Depois de recuperado do esforço imprevisto durante a evacuação do doente, liberto da terra argilosa e com um bom chuveiro e roupa lavada, tive ao fim da tarde uma surpresa agradável do capitão:

— Ulisses, a partir de segunda-feira, começas a fazer a rotação. Está a chegar a tua vez de vires passar um trimestre em Quimbele. Vais ser o último a deixar o Alto Zaza. Os homens começam a ser rodados em grupos de dez. Entretanto, vais pondo o alferes que te vai substituir a par de todas as rotinas e actividades relativas ao Alto Zaza.

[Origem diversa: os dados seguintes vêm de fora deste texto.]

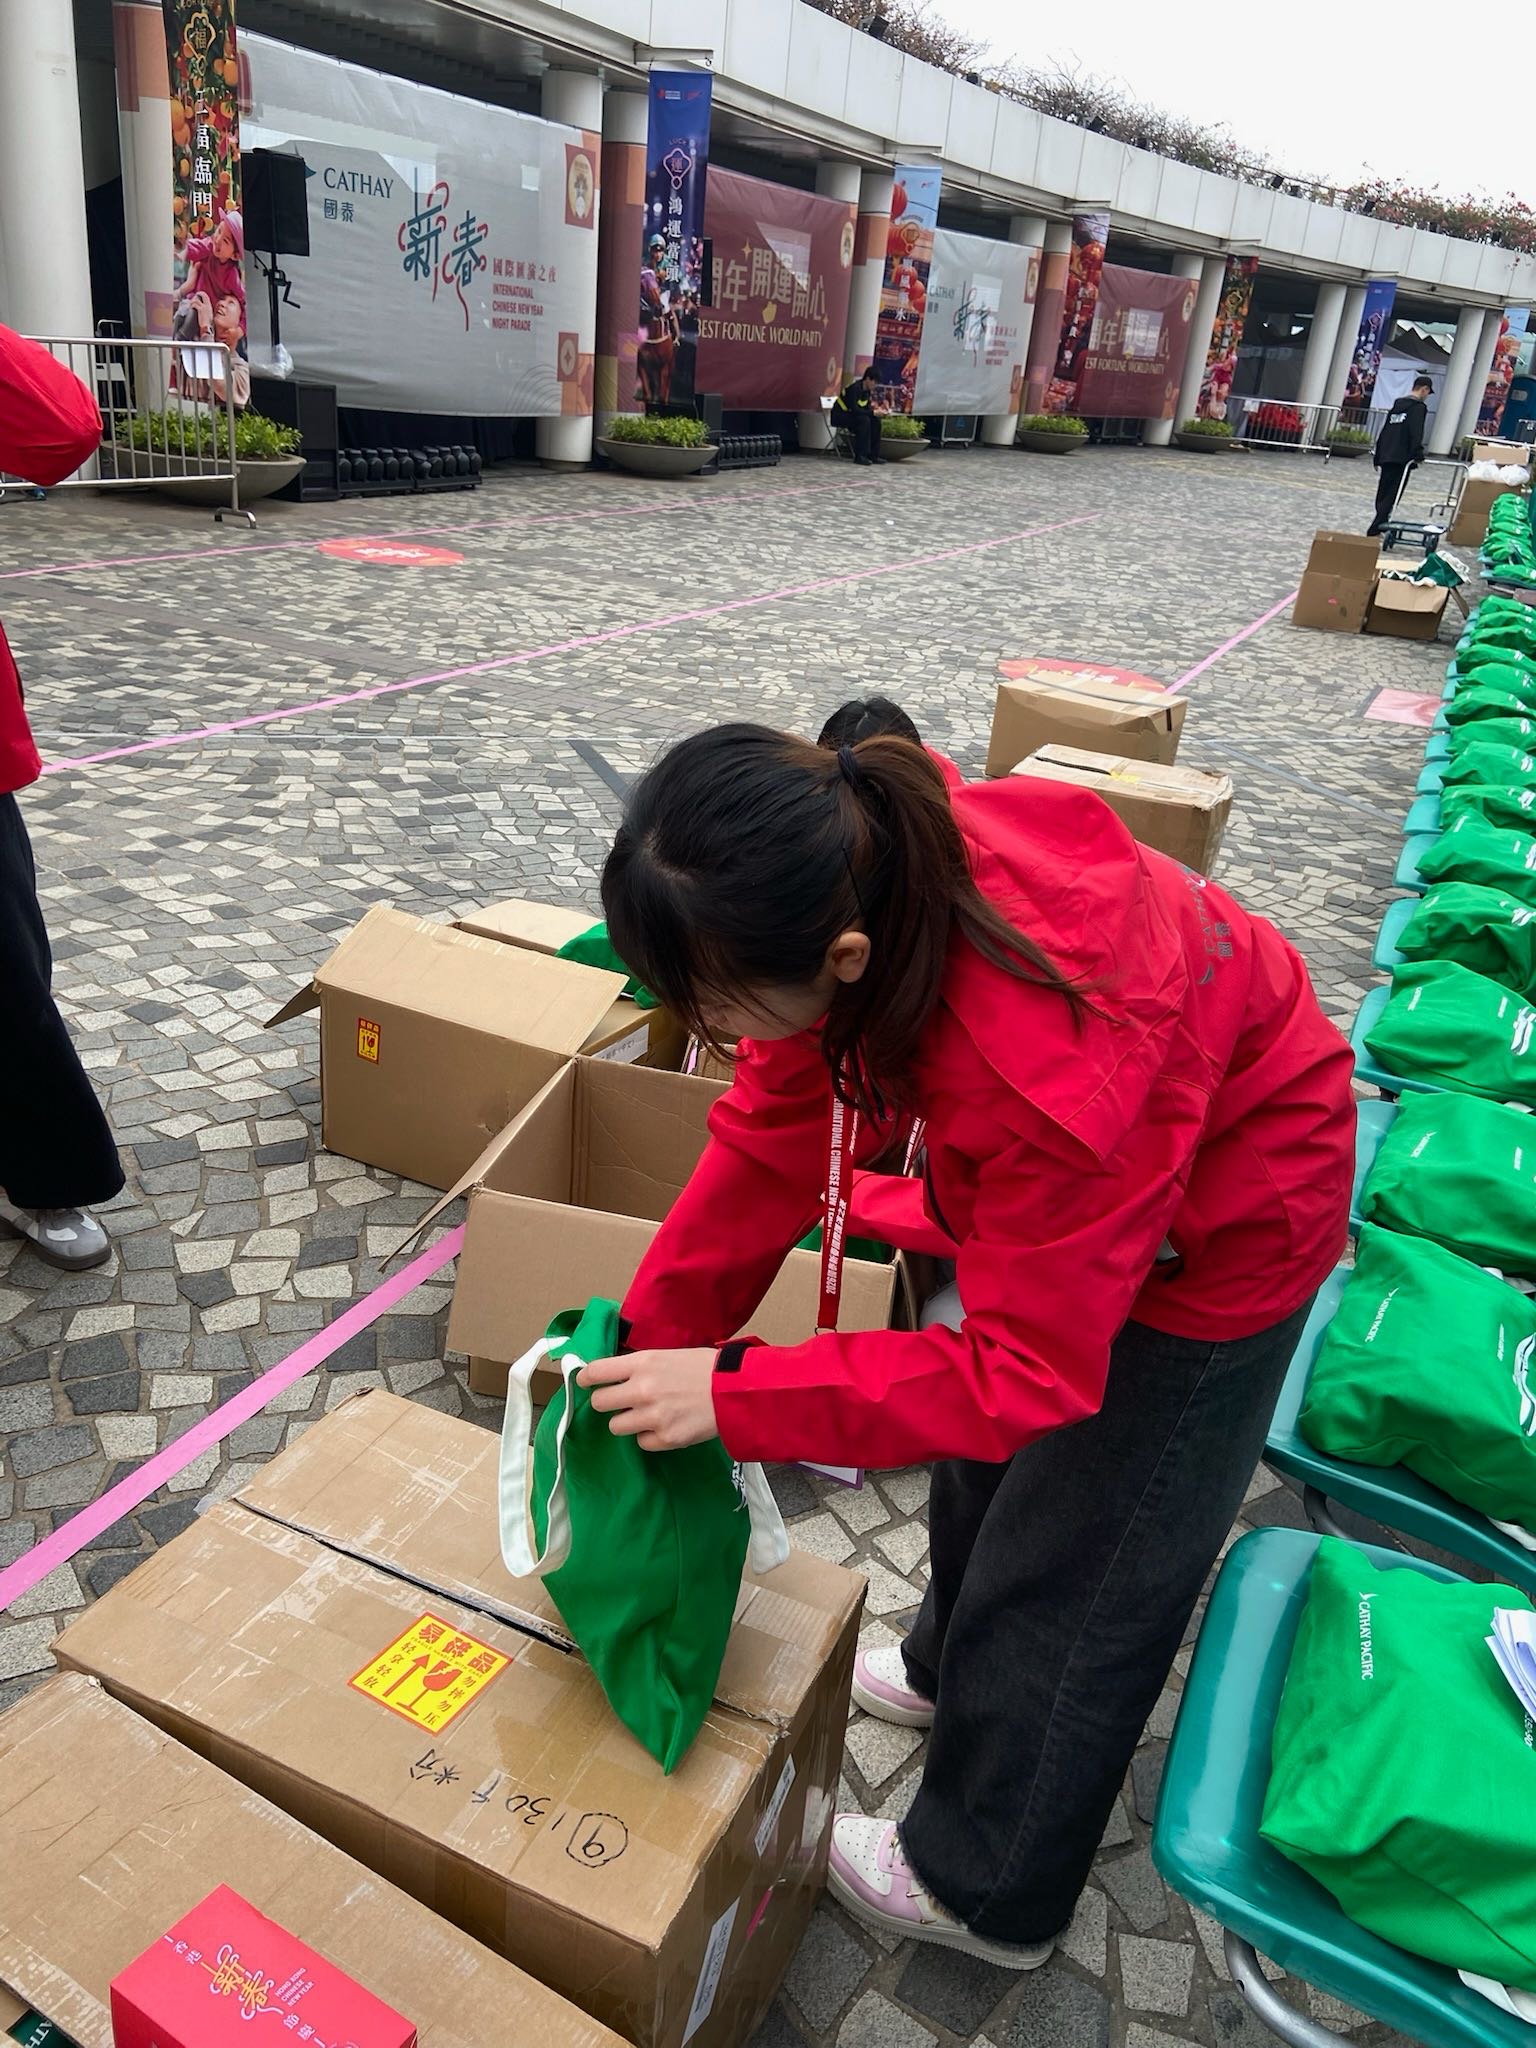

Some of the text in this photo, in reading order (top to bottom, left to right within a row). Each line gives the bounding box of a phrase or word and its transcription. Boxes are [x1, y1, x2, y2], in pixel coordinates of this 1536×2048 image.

— Está certo! Vou fazer com ele o mesmo que fizeram comigo, quando fui para o Alto Zaza, em Novembro do ano passado. Só temos um problema...

— Qual?

— Temos outra vez as viaturas em mau estado. Das duas que me mandou para a realização da operação, só esta em que agora vim está em razoáveis condições. A outra avariou, quando fomos socorrer a viatura do Quitari. Tem de nos arranjar outras viaturas.

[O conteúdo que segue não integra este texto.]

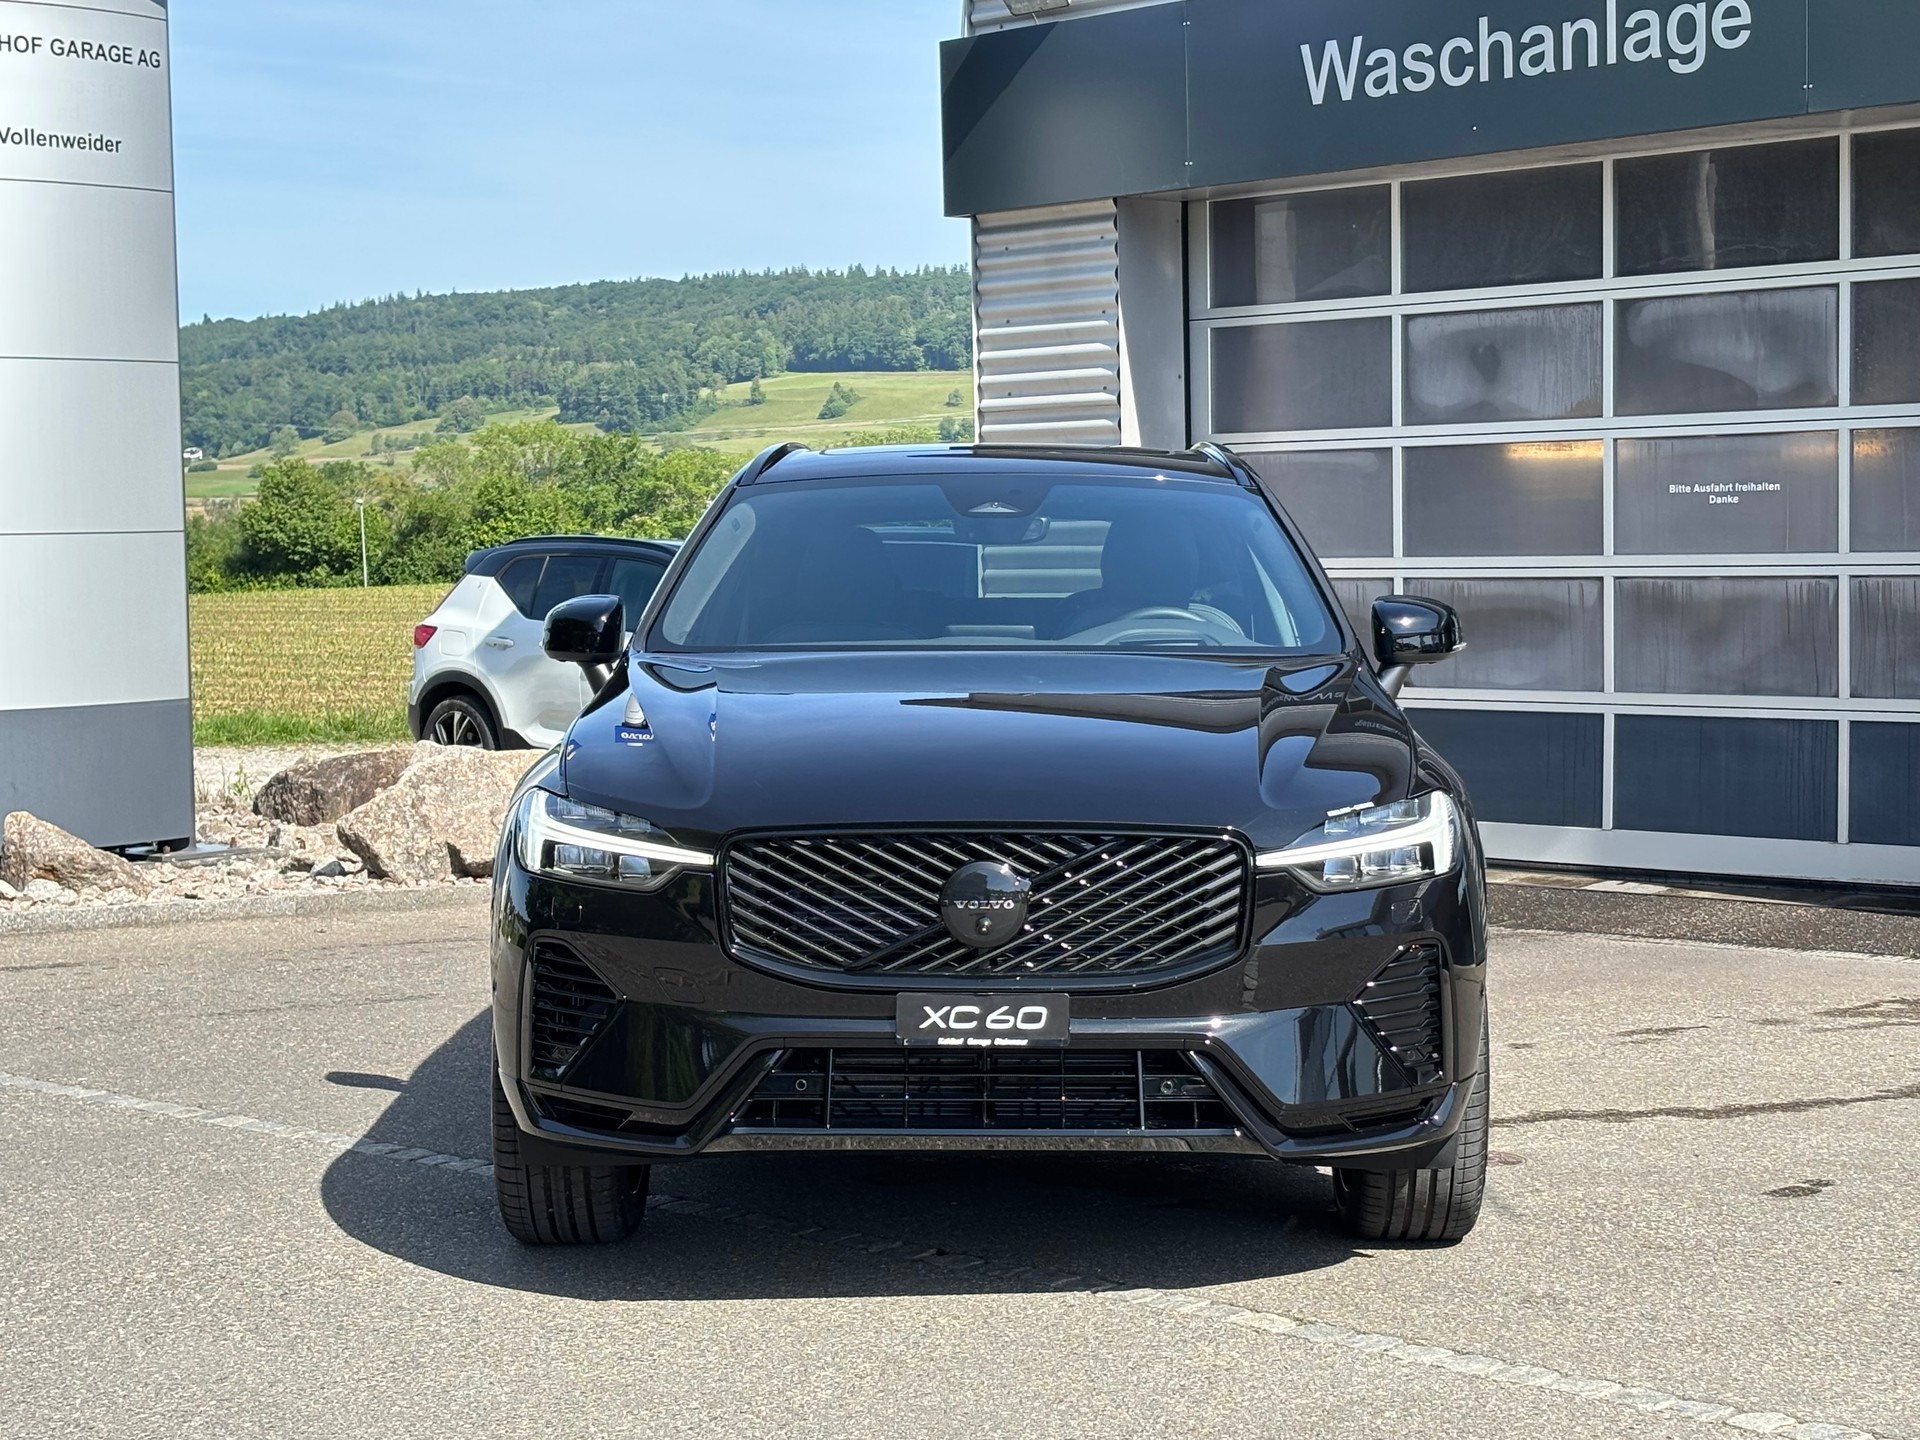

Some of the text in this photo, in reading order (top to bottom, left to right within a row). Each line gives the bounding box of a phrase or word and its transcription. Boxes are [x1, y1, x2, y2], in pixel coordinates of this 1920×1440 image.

[0, 34, 161, 69] HOF GARAGE AG
[1300, 0, 1752, 106] Waschanlage
[0, 127, 122, 153] Vollenweider
[1669, 482, 1781, 493] Bitte Ausfahrt freihalten
[1709, 495, 1739, 504] Danke
[953, 900, 1015, 910] VOLVO

— Isso é que vai ser mais difícil. Das vinte viaturas distribuídas à Terceira Companhia, neste momento só temos dois unimogues e a Berliet operacionais. O resto está tudo avariado. Estamos com falta de peças.

— Resolve-se o problema com a Berliet e a viatura em que vim. Em quatro etapas, temos os quarenta homens rodados. Numa semana, está a rotação feita.

— Não te esqueças que os soldados também têm de saber o que devem fazer.

— Não me estou a esquecer. Já estou a contar com isso. Bastam dois dias, no máximo, para os soldados permutarem os conhecimentos. Numa semana, estão a sobreposição e rotação concluídas. Entre mim e o alferes que me vai substituir, uma semana é mais do que suficiente. O que lhe vai talvez custar mais é aprender a trabalhar com a cifra. E daí talvez não! Quando tomei contacto pela primeira vez com esta actividade, ao princípio pareceu-me coisa complicada. Mas em poucos minutos entrei no esquema. É quase como um passatempo de palavras cruzadas. Com dois ou três exercícios de cifração e decifração, entra facilmente na técnica. Além disto, terei de o levar a todos os destacamentos e sanzalas das redondezas, para o apresentar às populações. A propósito, quem é que me vai substituir?

— Ainda não decidi. Mas já que cá vieste para evacuar um civil, passas cá o fim de semana. Segues para cima na segunda-feira e amanhã já tens a resposta. E o civil, como é que está?

— Escapou por um triz! Esteve quase a passar para o outro lado. Cheguei mesmo a pensar que me ia morrer nas mãos. Foi um susto dos diabos! Espero não voltar a ter outra experiência como esta. Mas aprendi uma coisa: ser médico deve ser uma profissão espantosa. Deve dar um gozo diabólico combater com a Morte e tirar-lhe as vidas que procura ceifar. Mas são também momentos de angústia. E deve ser uma frustração, quando não se consegue salvar o doente!

— Devias ter ido para médico. Talvez tivesses jeito! Agora esquece isso. Logo à noite temos cinema. Vai passar um filme com Edy Constantino.

— Se calhar, é um filme pré-histórico!

— É melhor que nada. Vê lá se no cu de África querias que passassem filmes recentes... Poucas vilas de Angola devem ter um cinema como Quimbele. Nem Sanza Pombo, que é a sede do batalhão, tem sala de cinema. O sítio mais próximo, onde deves encontrar um cinema, é na sede do sector de Uíje, em Carmona.

— Em Sanza, têm o clube. Além do restaurante e sala de convívio e jogos, devem lá ter um cinema...

— Não sei! Mas não creio! Não me consta que lá haja cinema...

 

Poderia alongar-me mais e transcrever-vos os diálogos entre mim, o capitão e restantes oficiais. Mas creio que os factos mais relevantes, relativamente a este sábado, estão contados. Resta acrescentar, se é que isto tem interesse, que o capitão estava certo relativamente ao filme que vimos à noite, no cinema de Quimbele. Era mesmo um filme protagonizado por Edy Constantino, intitulado “S.O.S. no Pacífico”. Ajudou-nos a passar o serão de uma maneira agradável. Mas talvez o mais importante será referir que, finalmente, recebi os exemplares da revista “Science et Vie”, respectivamente de Dezembro e de Janeiro. Além dos momentos agradáveis da correspondência, em que convivo convosco, em que quase me esqueço do isolamento no meio do mato, vou passar a ter uns instantes de leitura diferente das mensagens cifradas, romances e ordens de serviço. Tenho de começar a pensar na colaboração para o boletim do Batalhão, para dar cumprimento ao pedido do comandante.